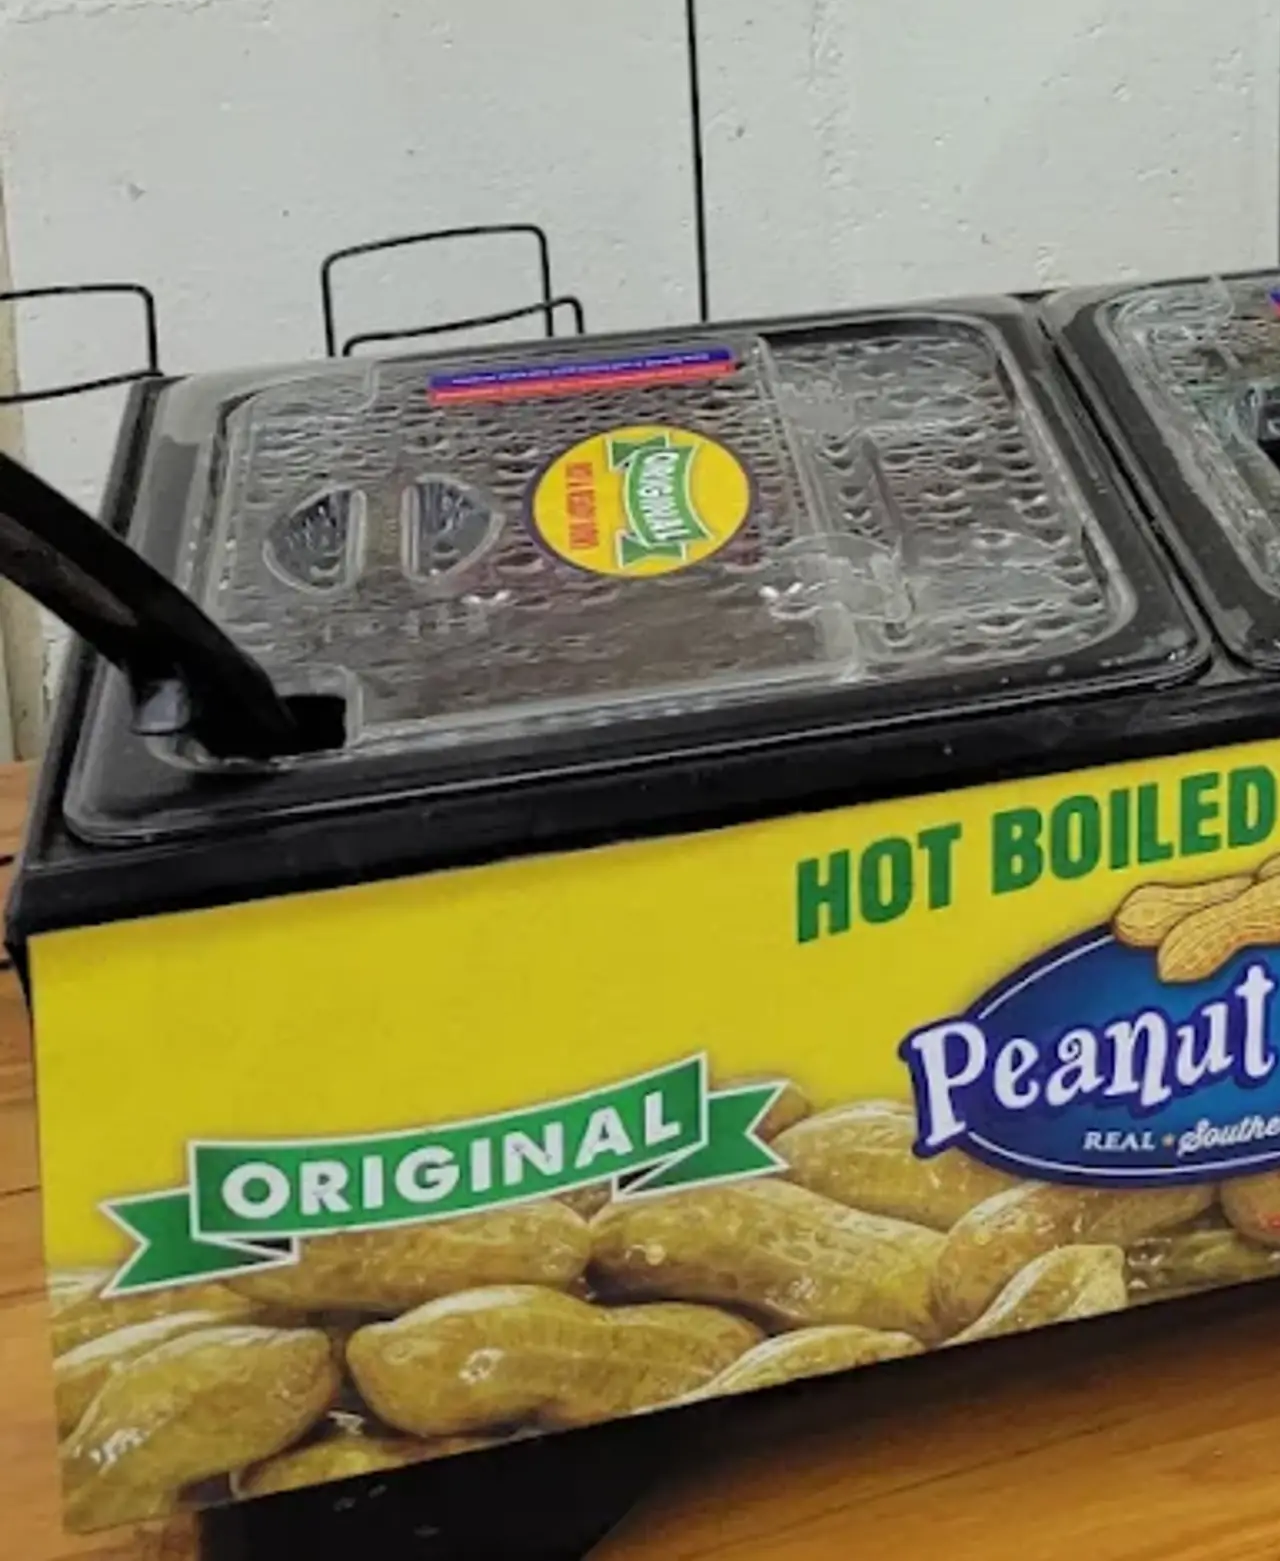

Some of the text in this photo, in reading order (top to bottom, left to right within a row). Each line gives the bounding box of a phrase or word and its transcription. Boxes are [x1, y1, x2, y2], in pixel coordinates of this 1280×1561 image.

[638, 452, 691, 540] ORIGINAL
[796, 823, 962, 944] HOT
[991, 764, 1278, 895] BOILED
[911, 965, 1278, 1149] Peanut
[222, 1091, 682, 1220] ORIGINAL
[1083, 1130, 1155, 1152] REAL
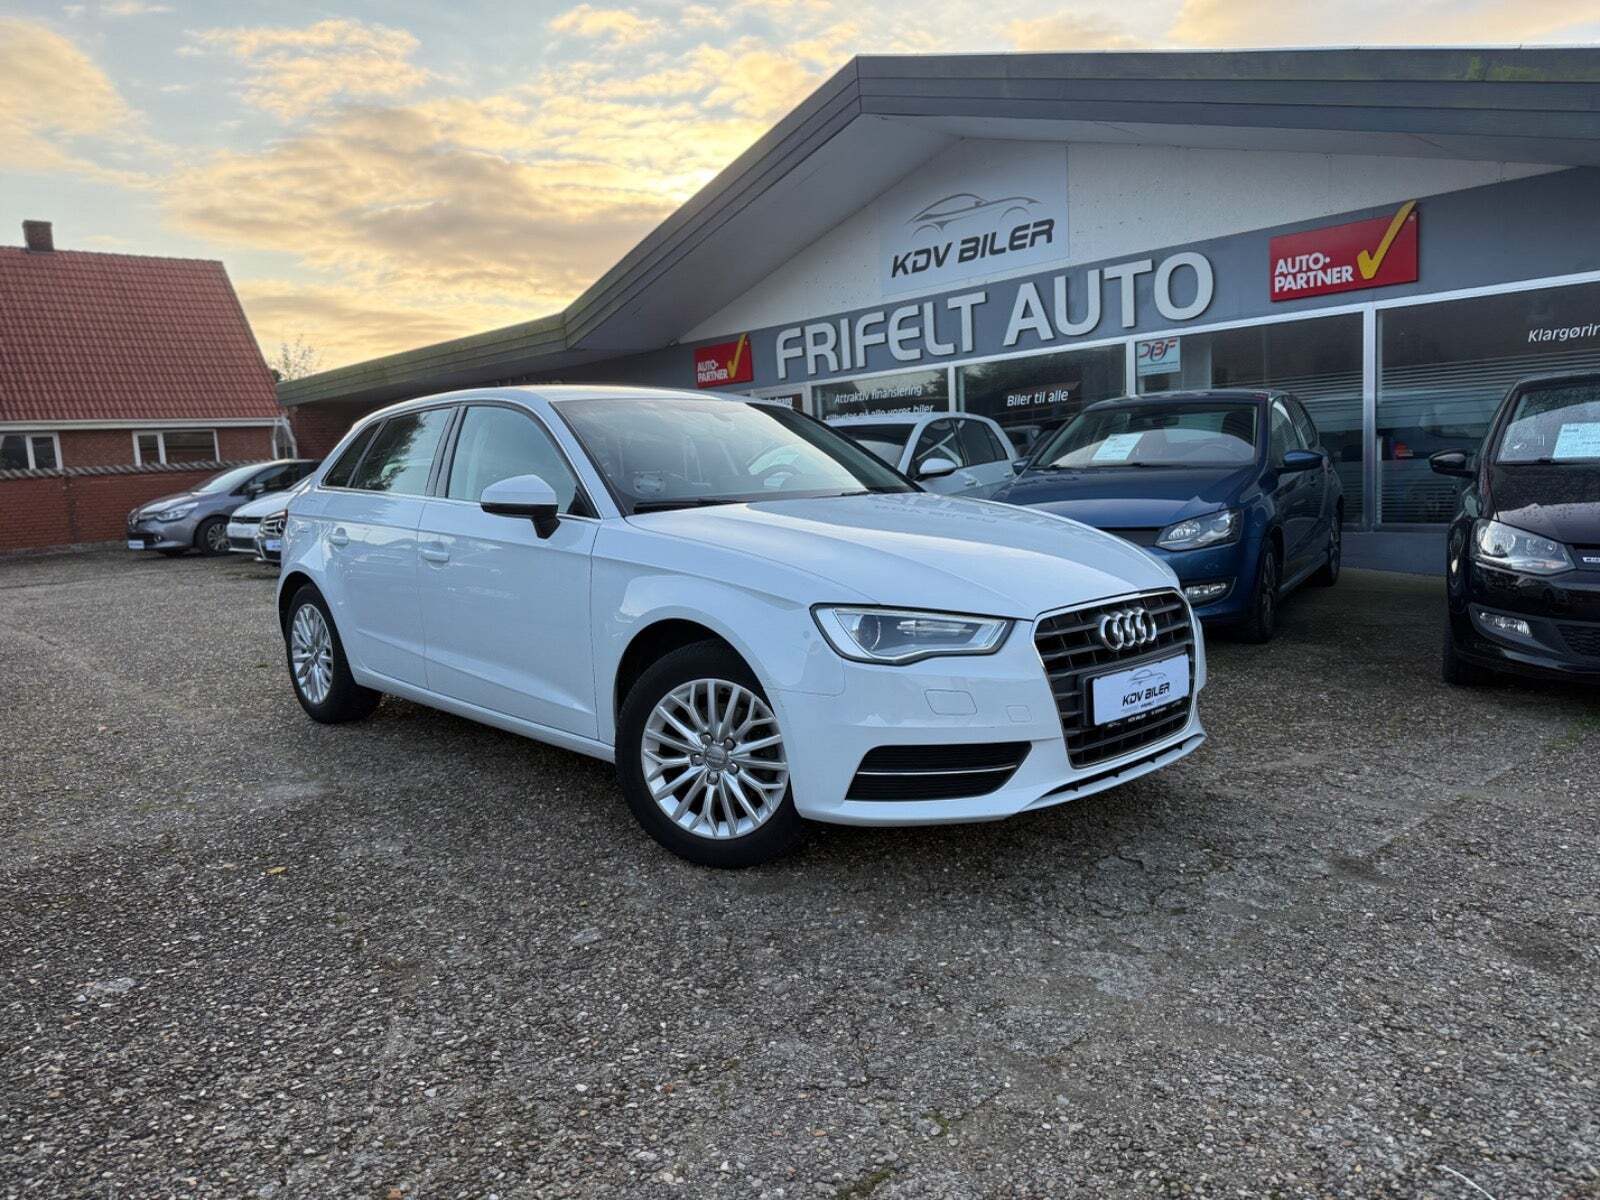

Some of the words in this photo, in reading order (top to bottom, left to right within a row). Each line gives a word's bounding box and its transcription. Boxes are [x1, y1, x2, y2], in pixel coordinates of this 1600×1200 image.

[891, 242, 952, 278] KDV
[958, 218, 1055, 263] BILER
[1274, 265, 1354, 293] PARTNER
[776, 291, 987, 380] FRIFELT
[1003, 252, 1214, 346] AUTO
[697, 369, 728, 383] PARTNER
[834, 391, 869, 404] Attraktiv
[871, 384, 922, 400] finansiering
[1006, 394, 1032, 407] Biler
[1034, 391, 1046, 404] til
[1048, 389, 1069, 402] alle
[1122, 690, 1143, 706] KDV
[1145, 682, 1170, 700] BILER
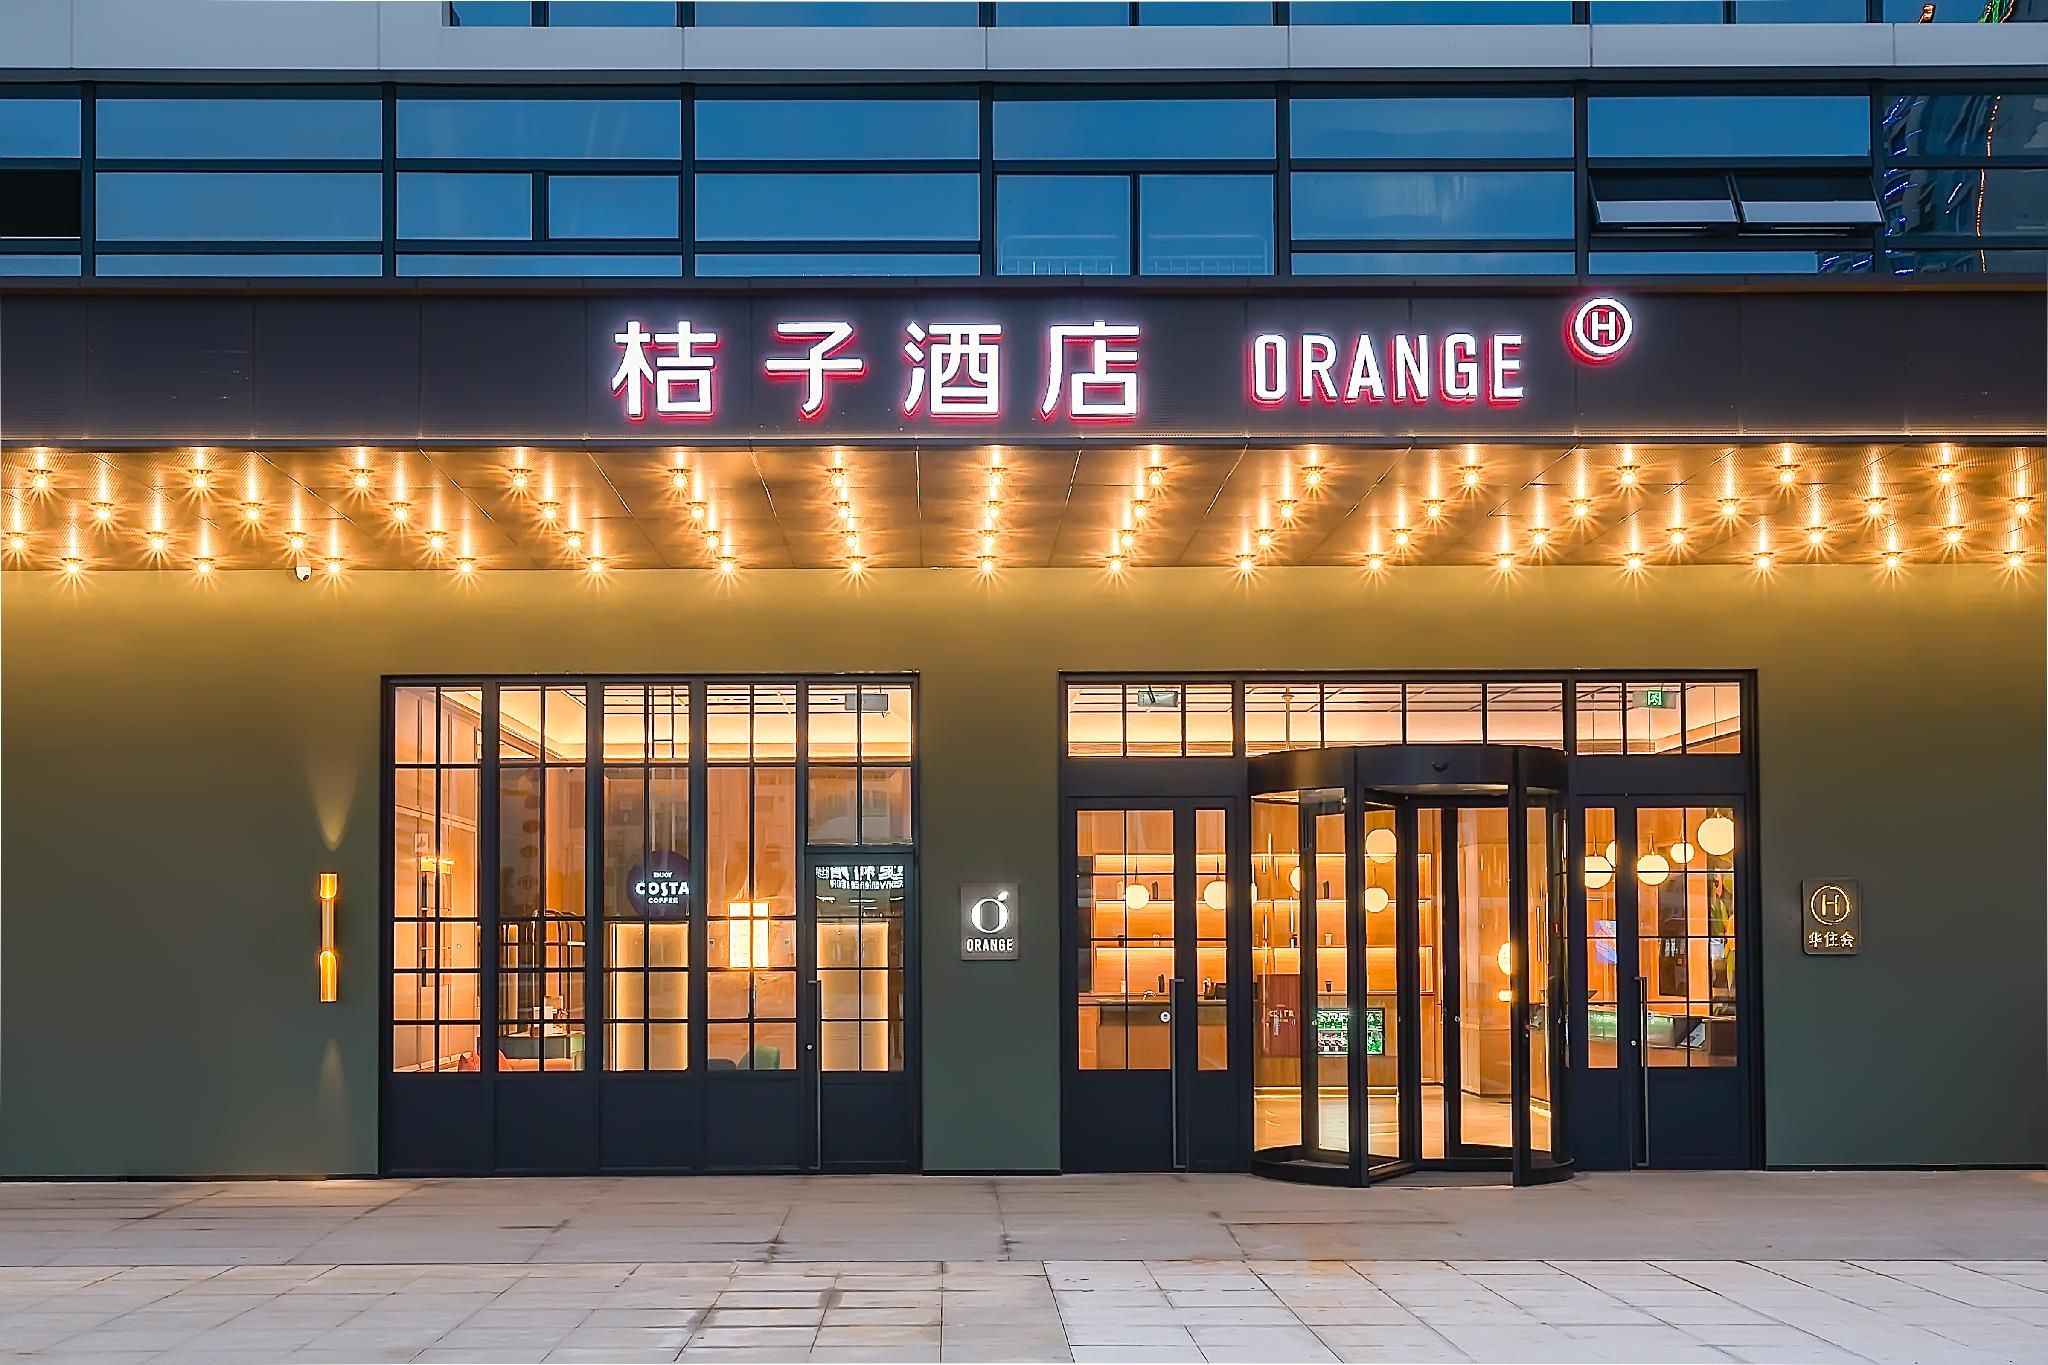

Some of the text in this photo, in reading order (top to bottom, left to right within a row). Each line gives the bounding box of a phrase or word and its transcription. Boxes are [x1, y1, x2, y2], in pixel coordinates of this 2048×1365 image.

|---|

INSTRUCTIONS TO FOLLOW
The whole listing must be restated word for word. Leave out any pictures.

YOUR RESPONSE
Some of the text in this photo, in reading order (top to bottom, left to right within a row). Each line gives the bounding box of a phrase or word and its transcription. Boxes are [x1, y1, x2, y2], in pixel coordinates of this 1280×1561 image.

[638, 452, 691, 540] ORIGINAL
[796, 823, 962, 944] HOT
[991, 764, 1278, 895] BOILED
[911, 965, 1278, 1149] Peanut
[222, 1091, 682, 1220] ORIGINAL
[1083, 1130, 1155, 1152] REAL

Some of the words in this photo, in reading order (top to bottom, left to right within a row). Each line gives a word's bounding box and its transcription. Boxes are [x1, y1, x2, y2], in pixel coordinates of this 1600×1200 image.

[891, 242, 952, 278] KDV
[958, 218, 1055, 263] BILER
[1274, 265, 1354, 293] PARTNER
[776, 291, 987, 380] FRIFELT
[1003, 252, 1214, 346] AUTO
[697, 369, 728, 383] PARTNER
[834, 391, 869, 404] Attraktiv
[871, 384, 922, 400] finansiering
[1006, 394, 1032, 407] Biler
[1034, 391, 1046, 404] til
[1048, 389, 1069, 402] alle
[1122, 690, 1143, 706] KDV
[1145, 682, 1170, 700] BILER

Some of the text in this photo, in reading order (top to bottom, left to right within a row). Each line gives the bounding box of a phrase or word and its transcription. Boxes are [x1, y1, x2, y2], in pixel coordinates of this 2048×1365 image.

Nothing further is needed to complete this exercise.